__Spatial localization data__:
= = = = =
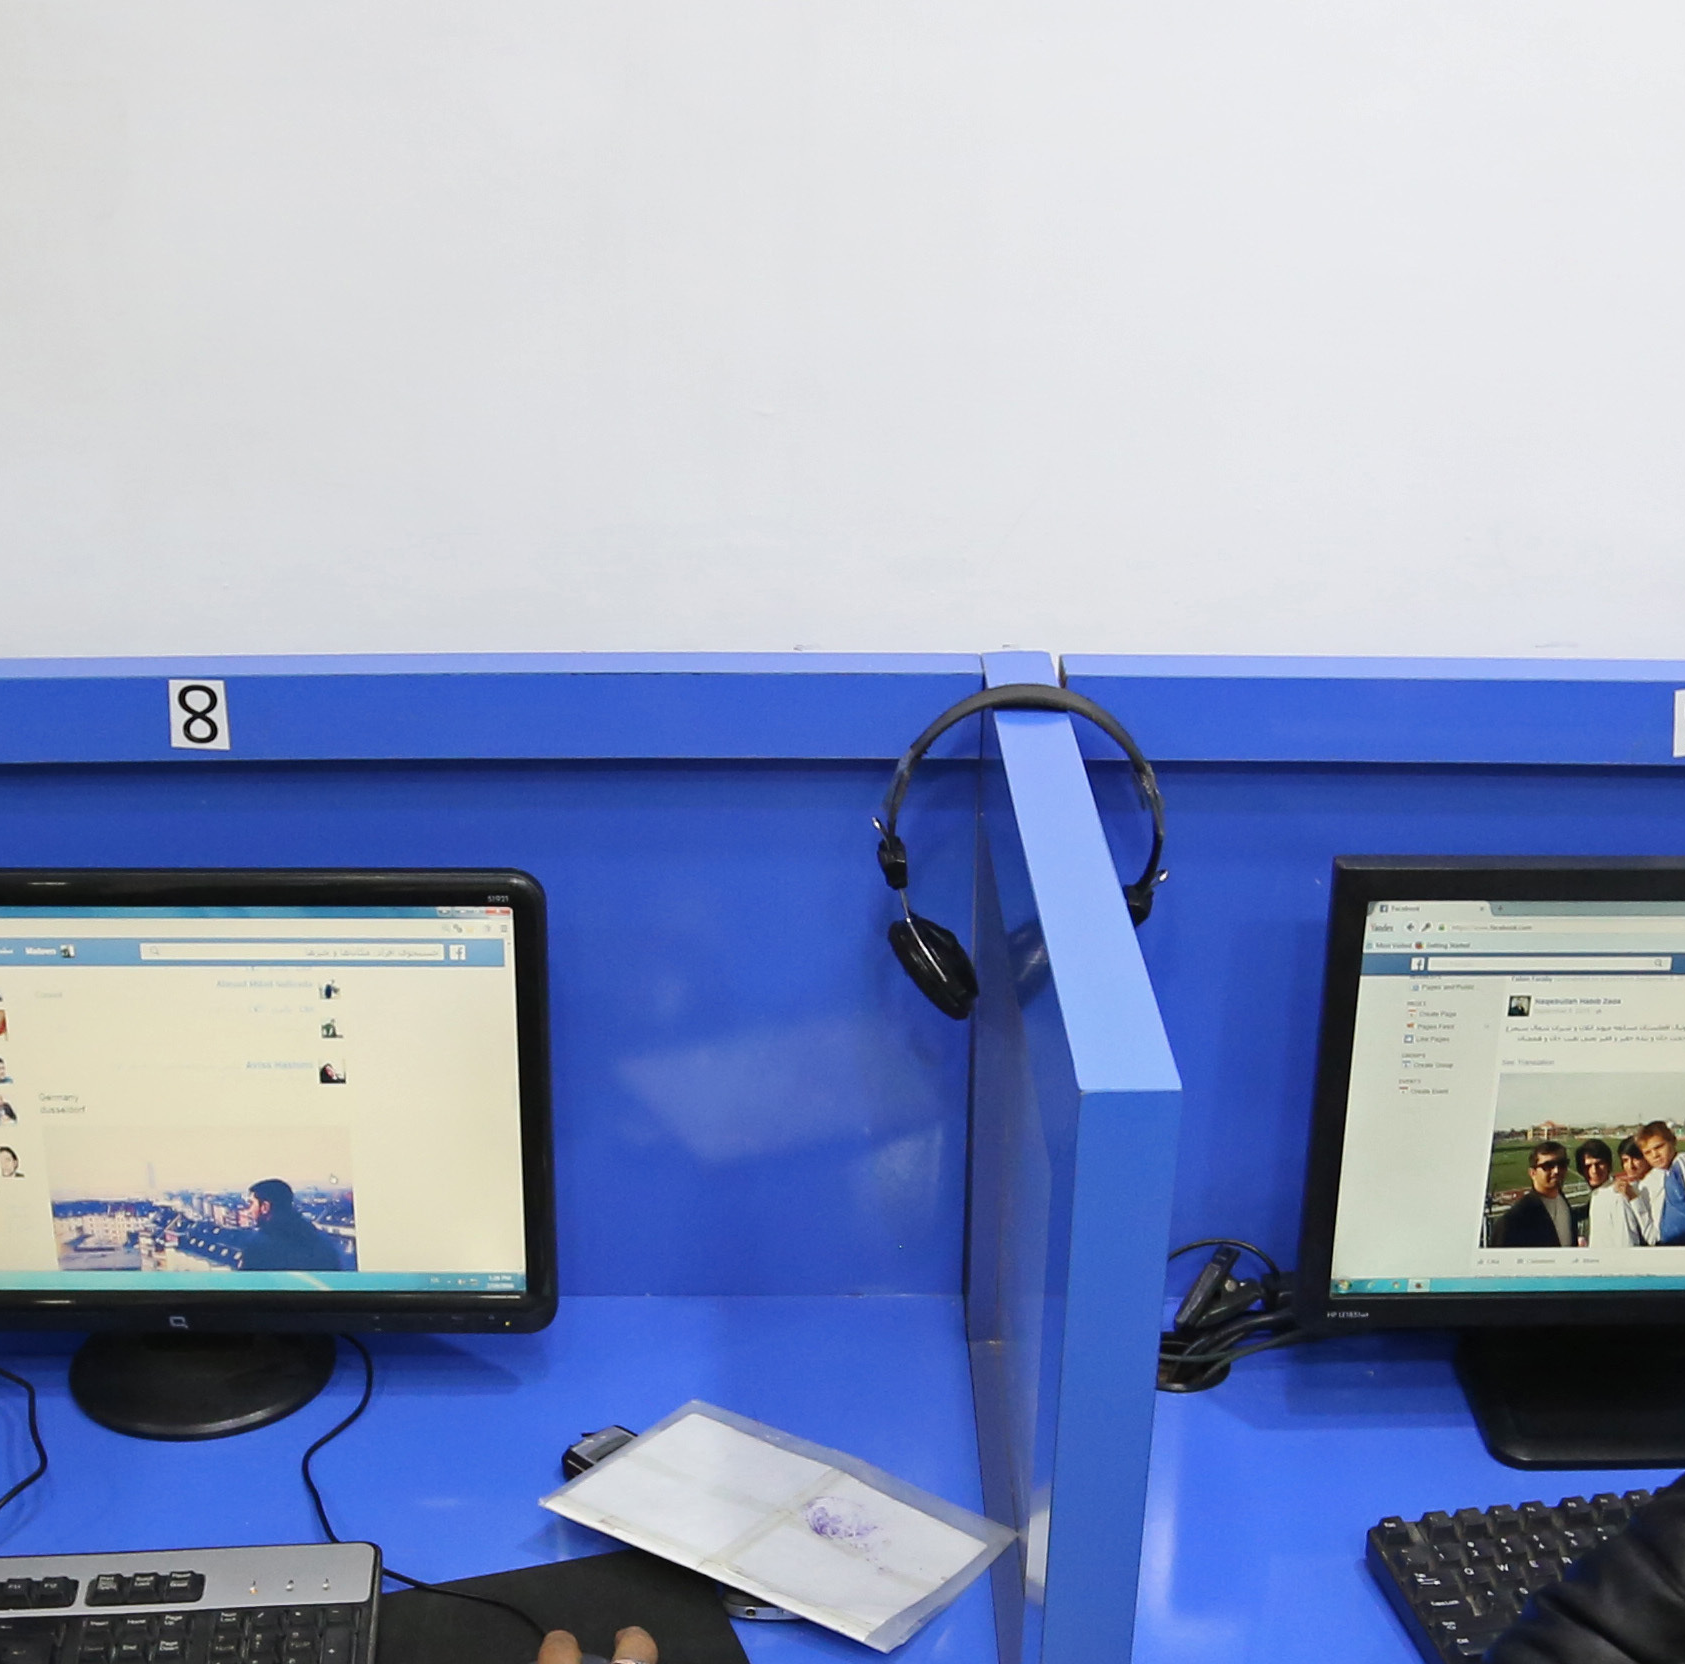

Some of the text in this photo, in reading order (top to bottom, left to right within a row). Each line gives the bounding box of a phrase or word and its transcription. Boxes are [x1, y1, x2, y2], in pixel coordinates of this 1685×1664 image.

[178, 684, 218, 744] 8
[39, 1093, 79, 1103] Germany
[1496, 1563, 1509, 1572] W
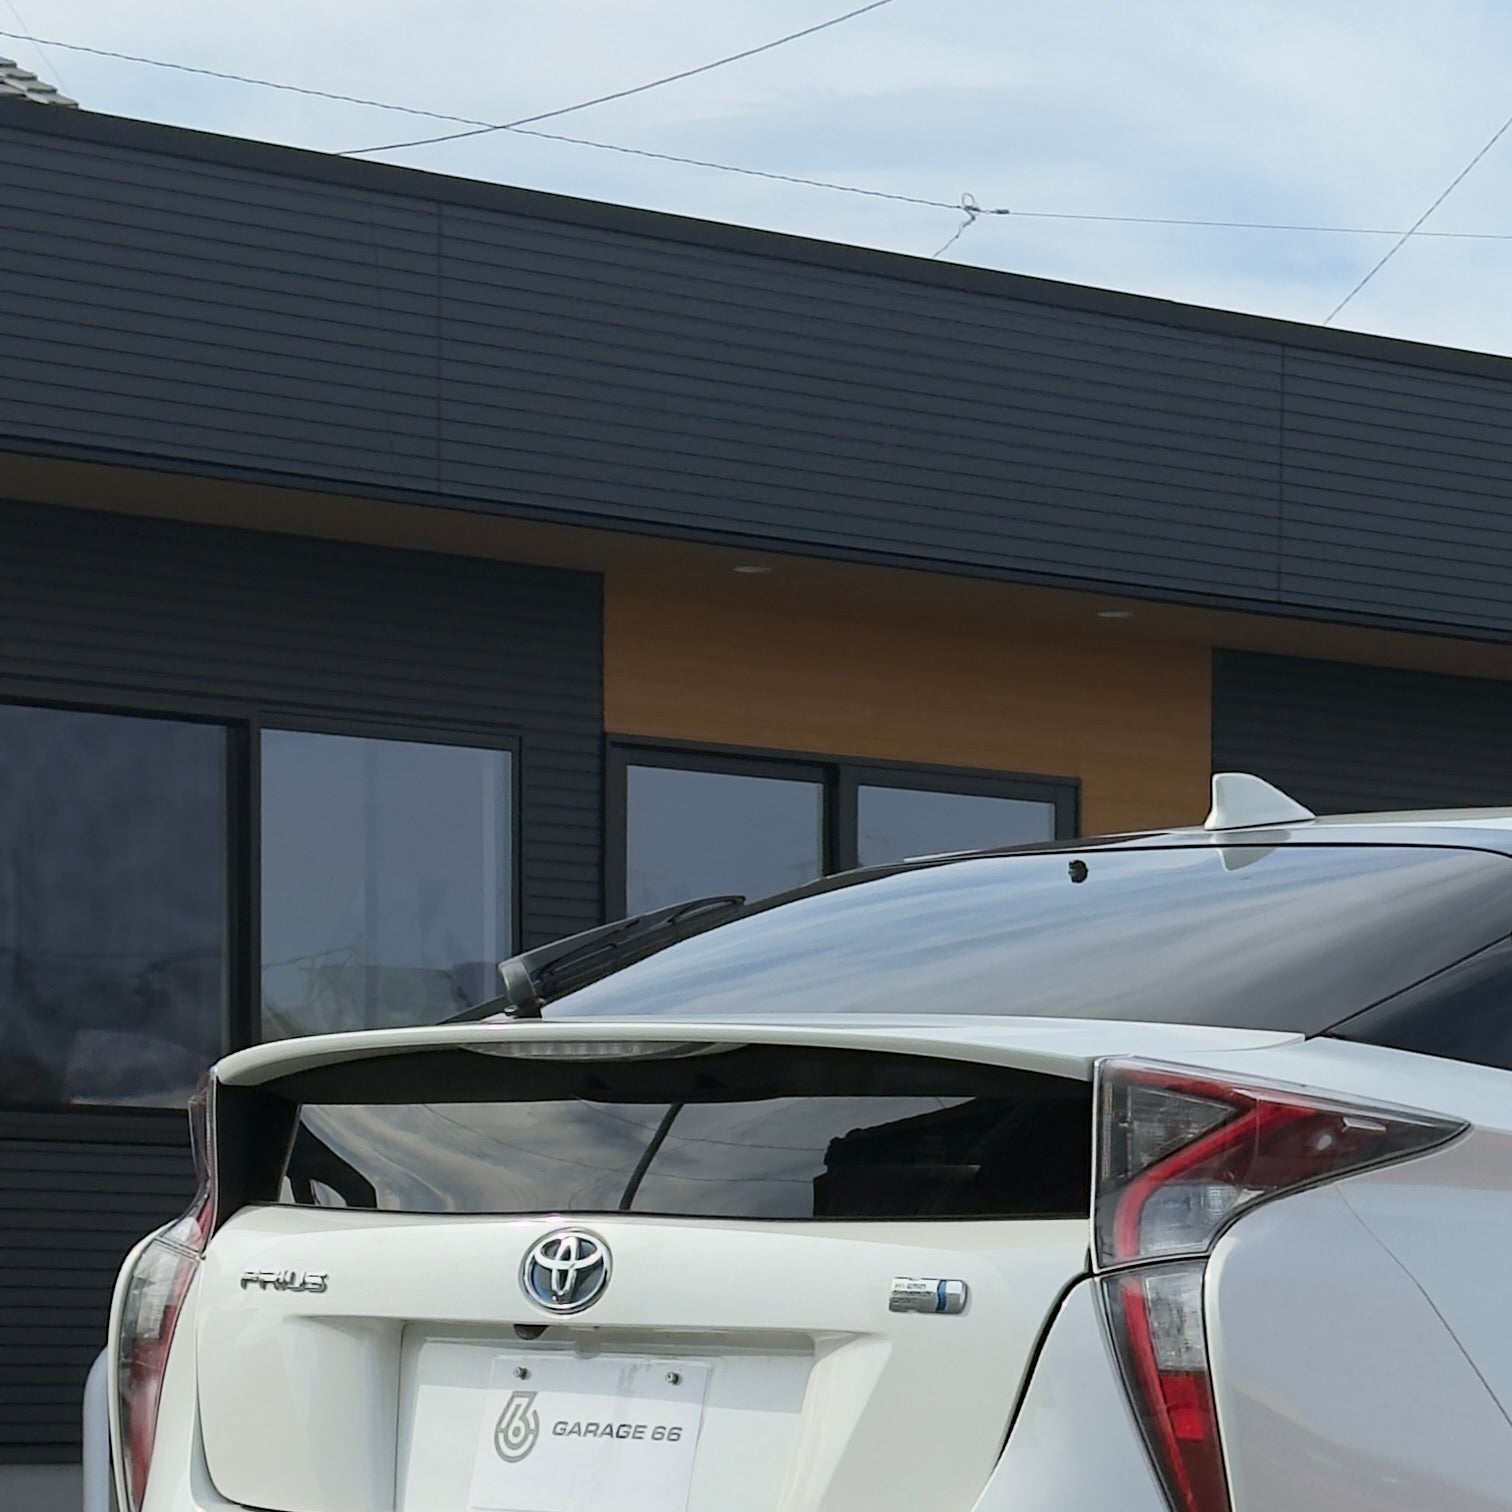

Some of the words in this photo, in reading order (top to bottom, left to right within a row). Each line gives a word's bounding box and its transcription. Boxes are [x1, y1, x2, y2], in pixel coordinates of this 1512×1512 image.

[240, 1270, 328, 1293] PRIUS
[552, 1421, 648, 1440] GARAGE
[651, 1425, 683, 1442] 66
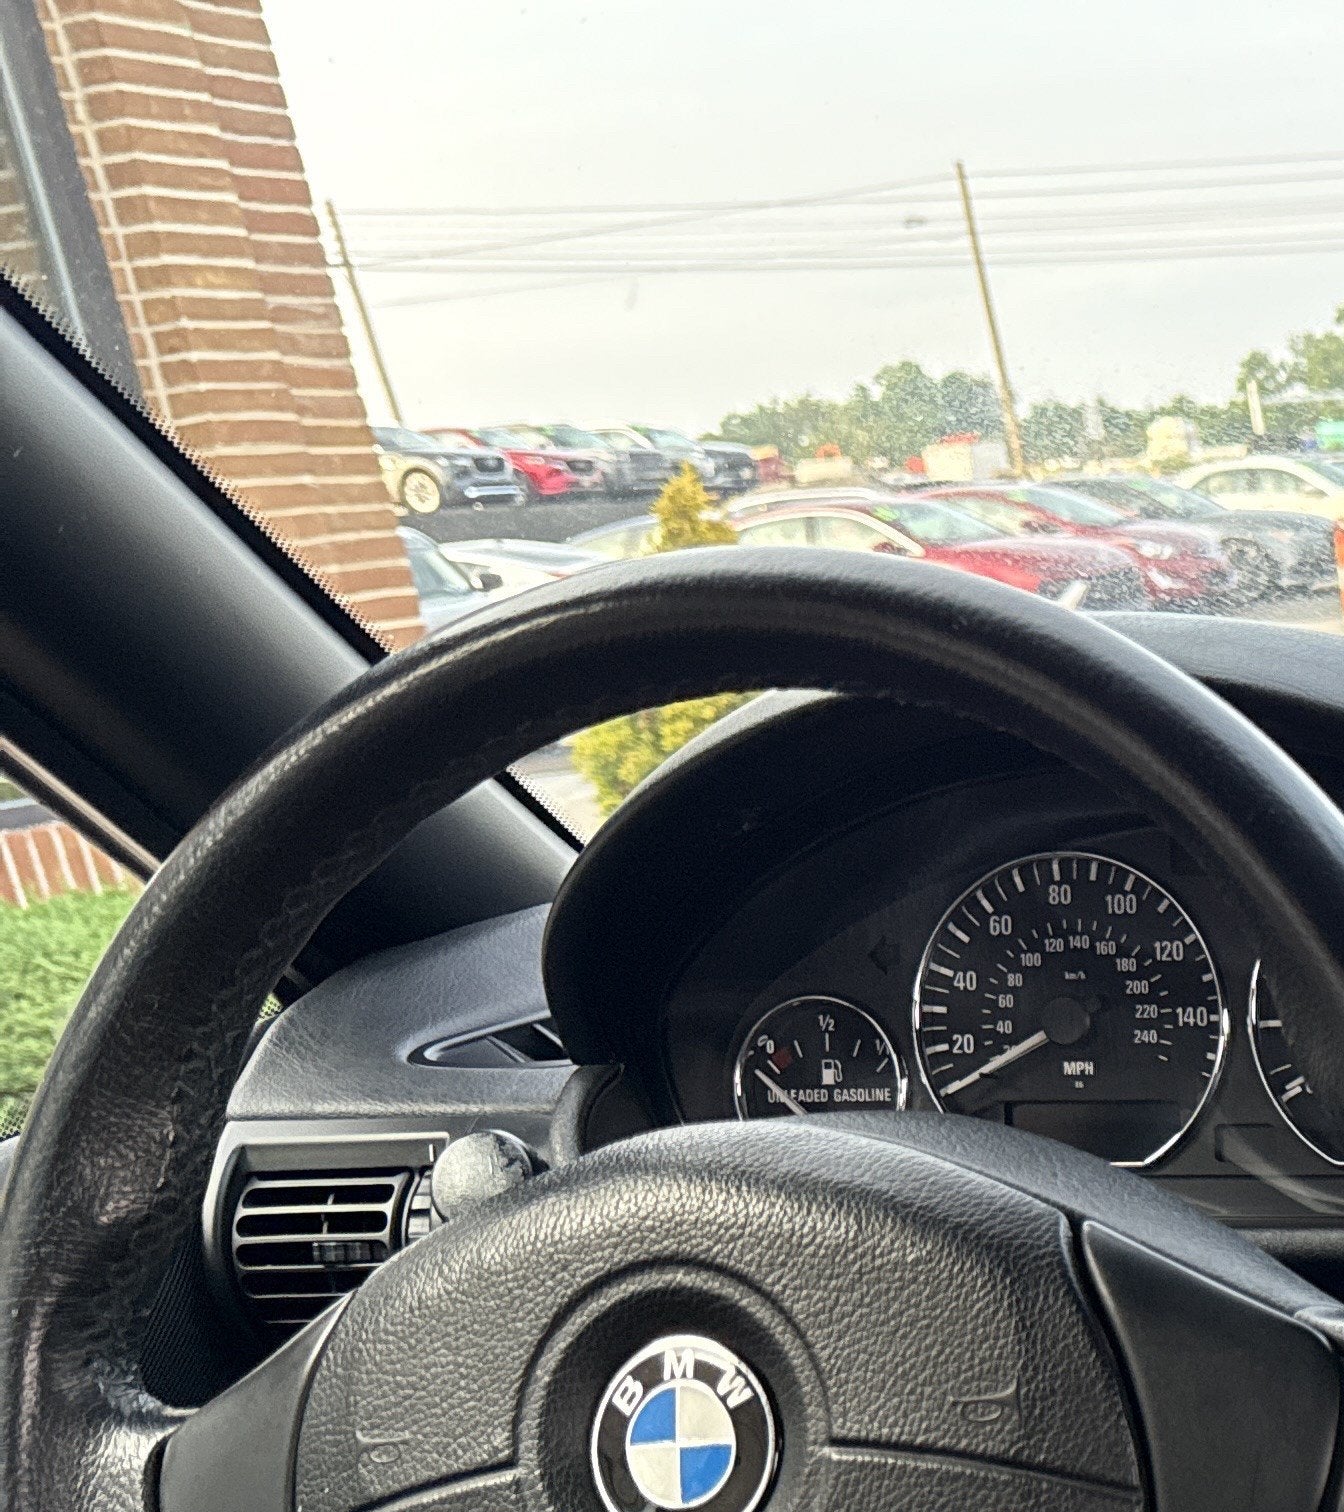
= = = = =
__Your assignment__: Output every entry verbatim. Pictures do not belong in the copy.

__Response to the exercise__:
Some of the text in this photo, in reading order (top to bottom, left to right within a row). Each line gives the bounding box of a phrase or word and its transcription. Boxes are [x1, y1, x2, y2], in pixel coordinates of this 1685×1664 image.

[178, 684, 218, 744] 8
[39, 1093, 79, 1103] Germany
[1496, 1563, 1509, 1572] W

Some of the words in this photo, in reading order (top to bottom, left to right within a row). Each line gives a word's bounding box and its transcription. Boxes are [x1, y1, x2, y2], in pixel coordinates of this 1512×1512 image.

[240, 1270, 328, 1293] PRIUS
[552, 1421, 648, 1440] GARAGE
[651, 1425, 683, 1442] 66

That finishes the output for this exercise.